Forgotten scaling: the role of APM in customer support

“Application Monitor generally emphasizes the necessity of application performance management (APM): make good use of APM, or lose vital customers. Let’s consider the alternatives and consequences in a more sophisticated way, where the choices shade beyond “black” and “white”.

Suppose your organization is like one I currently observe closely: Web-based applications deliver mission-critical services. Response time perceived at customers’ browsers varies on regular daily and weekly cycles, with occasional flurries of congestion or slowdown. End users are mostly satisfied with performance, and focused just on going about their business. What will happen as the business grows, perhaps dramatically, over the next couple of years?

This is the “scalability” question. Much of the software and related infrastructure is already in place; programmers often speculate and plan about scaling, and the code base appears to be in adequate shape to suppor
t expansion by at least one order of decimal magnitude. While more hardware will be necessary, the system appears to be designed so that new hosts can be provisioned and deployed in a manageable and cost-effective system.

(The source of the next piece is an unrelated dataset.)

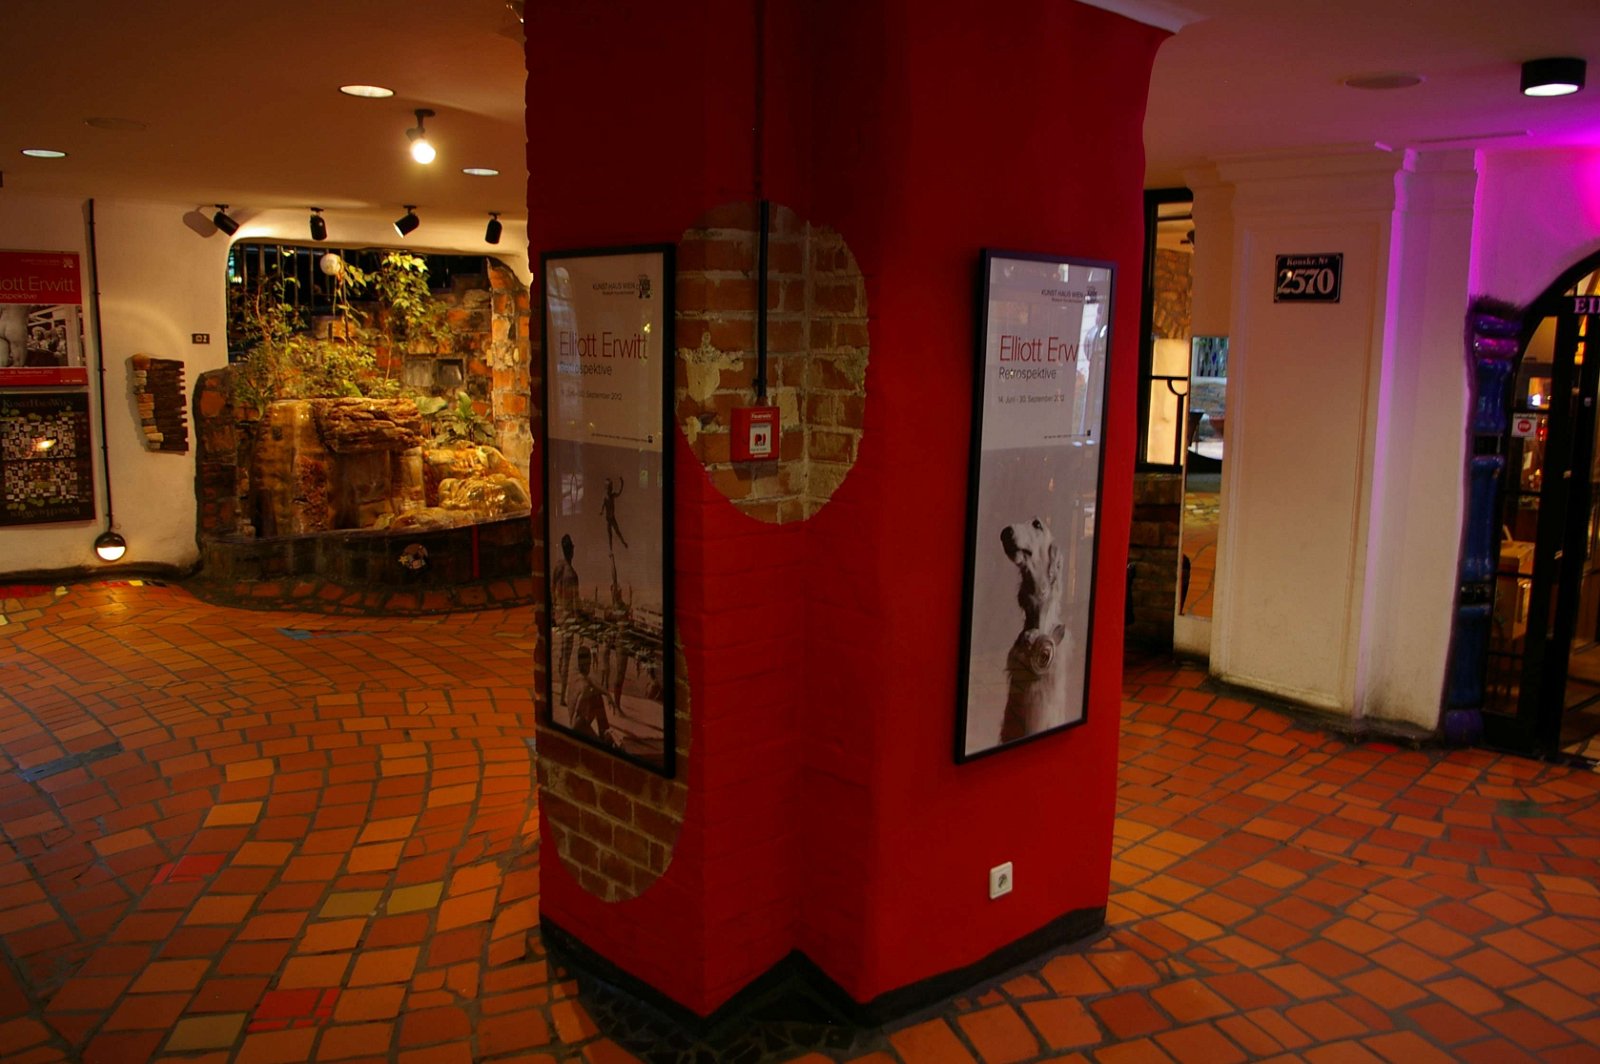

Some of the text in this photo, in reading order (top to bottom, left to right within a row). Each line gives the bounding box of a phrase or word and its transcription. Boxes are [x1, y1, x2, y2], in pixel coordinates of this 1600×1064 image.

There’s one human element in service delivery, though, whose scaling hasn’t been solved: customer support. The company’s current model has expert support staff covering all 168 hours of every week, fielding inquiries through telephone, chat, and e-mail. As business grows, there’s every reason to expect that the number of support calls will grow at least proportionally.

This is a problem.

Or if not precisely a problem, at least a considerable challenge. The company will need to be hiring and training new support staff nearly continuously, if it’s to prosper. That’s inherently difficult, and particularly so during an “up” phase in the national business cycle, when skilled workers become increasingly hard to locate and secure.

The alternative has its own challenges. In principle, the company can upgrade its on-line help facilities and IVR (interactive voice response), streamline diagnostics, and enhance the general quality of its application to make the most of its support technicians’ time and gradually reduce the incidence of upsets that lead to support calls. In other words, each support tech will cover a wider and wider span of potential callers. This make the support center “brittle”: when something systemic goes wrong, an overwhelming avalanche of calls arrives.

The only solution we know for this combines increasing the robustness of the application along with disciplined, proactive APM. The company is learning that it’s not enough to have logs that allow faults to be diagnosed
after they’ve occurred; to grow the business as planned, it needs control panels that flag root causes before customers realize they have problems. While that sounds a bit like magic, several APM solutions deliver exactly that kind of insight. Early experiments hint that at least a couple of these are practical for the company I’m describing.

In abstract terms, APM has benefits beyond a requirement to maintain application availability. In this case, it makes the human resources in customer support less of a limiting factor, and allows the company to grow in a healthier and more balanced fashion.

As we’ll see in follow-ups later this winter, APM pays off in customer support in other ways as well.